If you think the disagreements here between those of us that are all lay people are "wars," you should hear the oncology professionals arguments at meetings that I attend. They are divided between those that understand the issues of control vs. those that think it is a forgotten reflex. One is provable, one is speculation. There is probably some merit to if you don't use it you loose it side of things, but the bigger issue is the radiation damage. That is why there are such different opinions between all of us here. We were all treated differently. Some had surgical only solutions which completely (unless vital structure is removed) eliminates the radiation to the area of concern cause and effect. Some had radiation that likely, because of angles and tumor location, the radiation missed or only lightly touched this area of concern. Of course they too had much lesser swallowing issues post treatment. Some of us got nuked to the max and with or without a PEG during treatment, we have poor outcomes related to swallowing as time goes by. As a reference, in the first 5 years I didn't have any real issues, and I PEGGED for a protracted time. But as the radiation damage progressed insidiously, I lost the ability to control it all. It was a shock, since I thought I was one of the lucky ones but... that frackin radiation just keeps on doing its thing, and here I am, more than a decade out, and getting to the point of gagging on almost everything, and aspirating liquids into my lungs with regularity. But we all believe in our outcome wherever we fall on the continuum - PEG or no PEG - and we think we understand why we are where we are. The radiation issues, if we all got together with our treatment programs to compare, would elucidate the differences in us I think.

If you destroy the structures and nerves that allow you to swallow with radiation, attempting to force your body to do something that it no longer has the tools to do, would be akin to a person with a spinal injury getting out of their chair and walking. The damaged nerves will not let them no matter how much they work at it. Does this mean that a person with only "some" nerve damage could not "train" different nerves and muscles to adapt. NO. They can to some extent. But absolute prevention of dysphagia by swallowing during treatment is a belief that a simpler cause is at play... your body forgot in 7 months, how to do something that it had been doing for 40 or more years. That argument does not have lots of scientific legs in the published literature, just articles mentioning the fact that swallowing ability is lost.... the why isn't explored in any unbiased scientific way.

Just like my inability to move the right side of my face or mouth from the facial nerve being nuked, which gradually after a year or two got worse and worse, and continues to.... the damage to these controller nerves and other structures mentioned in the article is a reality. Continuing to try to swallow, will not change the radiation damage to the nerves. No nerves...no swallowing. That is a direct, provable cause and effect.

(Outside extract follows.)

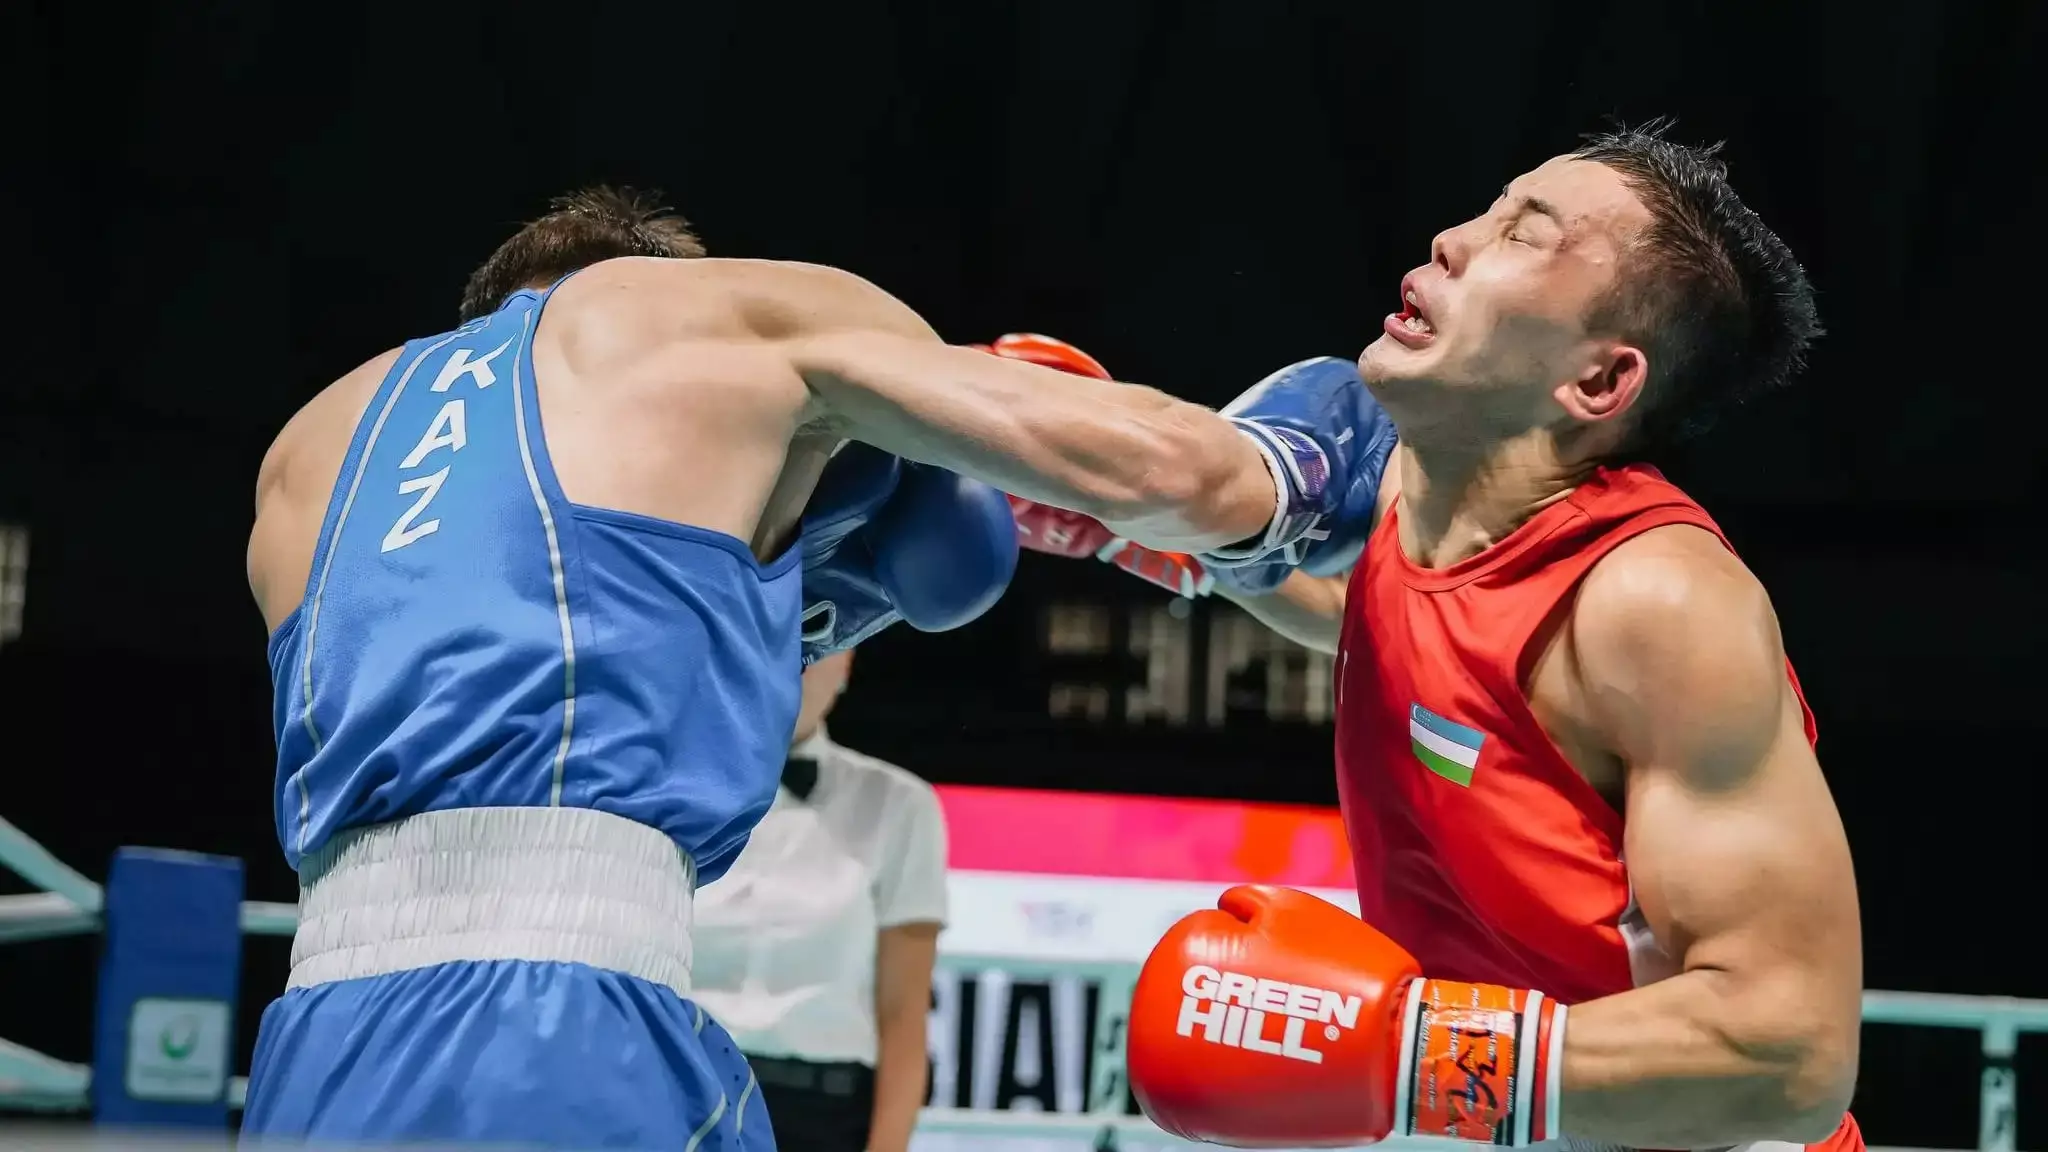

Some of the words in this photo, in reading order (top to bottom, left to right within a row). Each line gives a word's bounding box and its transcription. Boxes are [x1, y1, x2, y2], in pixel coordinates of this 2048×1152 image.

But the scientific argument is leaning towards -- it is the unique, different pattern of radiation in each patient, that determines how much influence this has, and less a forgotten ability to swallow. I pegged and swallowed both every day all through treatment, and I still have dysphagia. I still have strictures. So MY belief, and that of the more experienced IMRT RO's that I talk to is; that this is a radiation issue, NOT a PEG issue. I can tell you personally that the flack the article is raising in the treatment world is already today significant, and the barbs are flying. Bottom line is that too many RO's are behind the knowledge and experience curve. Too many people outside the understanding of long term radiation morbidity think they know what's what. The two will stay apart for some time to come in my opinion.